RENO, Nev. (AP) — Conservationists who are already suing to block a geothermal power plant where an endangered toad lives in western Nevada are now seeking U.S. protection for a rare butterfly at another geothermal project the developer plans near the Oregon line.
The Center for Biological Diversity is now petitioning the U.S. Fish and Wildlife Service to list the bleached sandhill skipper under the Endangered Species Act at the only place it’s known to exist.
It says the project the Bureau of Land Management approved last year 250 miles north of Reno could ultimately lead to the extinction of the 2-inch-long butterfly with golden-orange wings.
“This beautiful little butterfly has evolved over millennia to thrive in this one specific spot, and no one should have the right to just wipe it off the face of the Earth,” said Jess Tyler, a scientist at the center who co-wrote the petition.
USFWS has 90 days to decide whether there’s enough evidence to conduct a yearlong review to determine if protection is warranted, so any formal listing is likely years away.
But the petition signals the potential for another legal fight all too familiar to Ormat Nevada, which wants to tap hot water beneath the Earth’s surface to generate carbon-free energy the Biden administration has made a key part of its effort to combat climate change with a shift from fossil fuels to renewable sources. Opposition to those efforts in Nevada has come from conservationists, tribes and others who otherwise generally support a greener energy supply.

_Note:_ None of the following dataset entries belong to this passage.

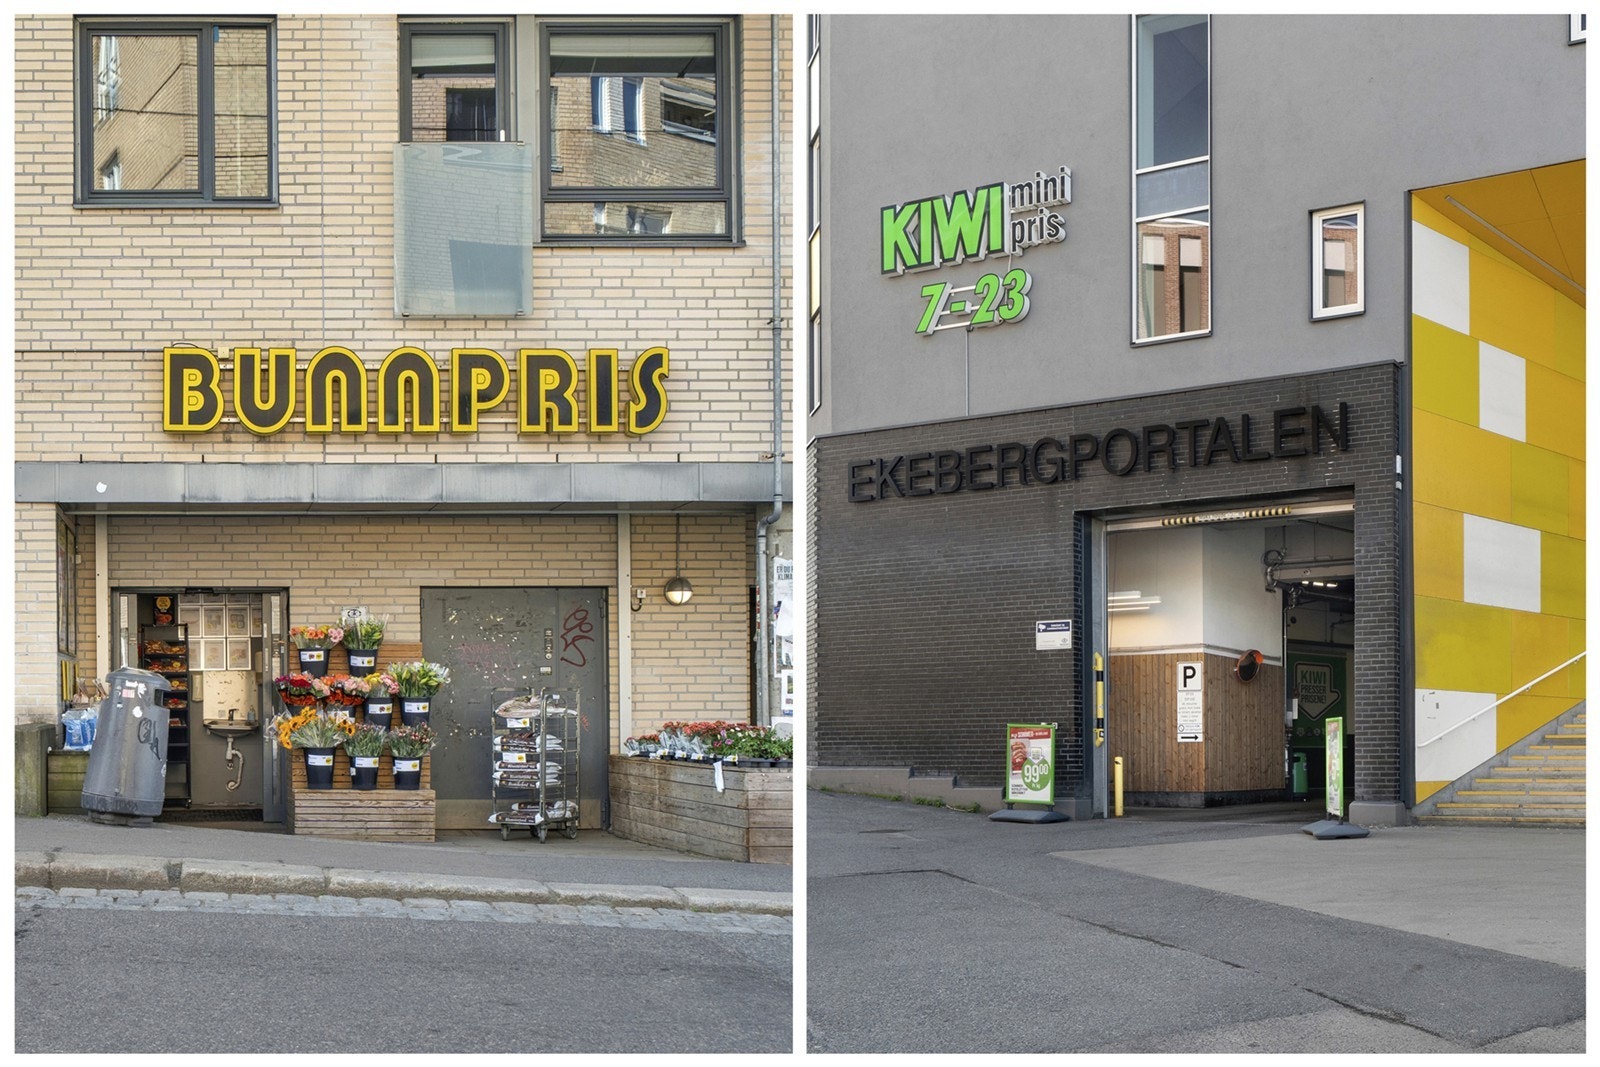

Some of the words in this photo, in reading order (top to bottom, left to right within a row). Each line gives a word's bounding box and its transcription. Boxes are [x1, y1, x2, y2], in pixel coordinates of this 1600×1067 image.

[1011, 165, 1068, 210] mini
[881, 182, 1008, 275] KIWI
[1011, 207, 1064, 255] pris
[163, 346, 669, 435] BUNNPRIS
[848, 402, 1348, 502] EKEBERGPORTALEN
[1183, 666, 1196, 688] P
[1300, 670, 1326, 684] KIWI
[1300, 684, 1327, 694] PRESSER

“At a time when climate change is undisputedly one of the greatest threats to the planet, it is disappointing that the Center for Biological Diversity, a group with a mission to protect the environment, is attempting to stop the development of clean, renewable energy sources,” Ormat Vice President Paul Thomsen said in an email to The Associated Press.
The center and a Nevada tribe have been battling the Reno-based company in federal court since December over its other power plant scheduled to begin operation by Dec. 31 in the Dixie Meadows 100 miles east of Reno.
USFWS declared the quarter-sized Dixie Valley toad endangered on a temporary emergency basis in April.
Ormat agreed in a joint court stipulation Aug. 1 to suspend construction at least until September and perhaps until the end of the year to consult with the government to ensure compliance with the act.
The butterfly’s listing petition, filed Aug. 8, comes 10 years after the service rejected a similar bid from WildEarth Guardians, citing a lack of imminent threat to the insect’s habitat.
But the center said the situation changed when the bureau approved Ormat’s project at Baltazor Hot Springs near Denio.
The power plant would sit outside the butterfly’s habitat, a single alkali wetland of around 1,500 acres created by discharge from the Baltazor Hot Springs.
But tapping the underground water likely would affect the flows that support the plants that host the larva that hatch from the butterfly’s eggs and provide nectar for adults, the petition says.
Thomsen said Ormat has a long history of working with the government “to ensure that all habitats and ecosystems, regardless of their federally protected status, co-exist safely with the renewable energy plants we develop.”
The bleached sandhill skipper is a subspecies of skippers stretching from Washington to Arizona and Colorado. Its small geographic range and specific habitat make it highly vulnerable to extinction, the petition says.
“Geothermal energy is an important part of our clean energy transition, but it can’t come at the cost of extinction.” said Patrick Donnelly, the center’s Great Basin director.
The petition says there are no official government counts of the butterfly’s population, but scientific surveys from 2014-19 indicate it’s in decline, with estimates ranging from fewer than 10,000 to hundreds.
Thomsen said Ormat shifted its original blueprint away from butterfly habitat. He said the plan BLM approved after a thorough environmental review includes years’ of monitoring and mitigation plans in the event any potential harm to the insect emerges.
The petition claims no mitigation would offset the likelihood the project would alter the spring’s hydrology “with the potential to dry up the hot spring altogether.”
“In short, the drying of Baltazor Hot Springs and the meadow it supports would be unmitigable and would result in the extinction of the bleached sandhill skipper.”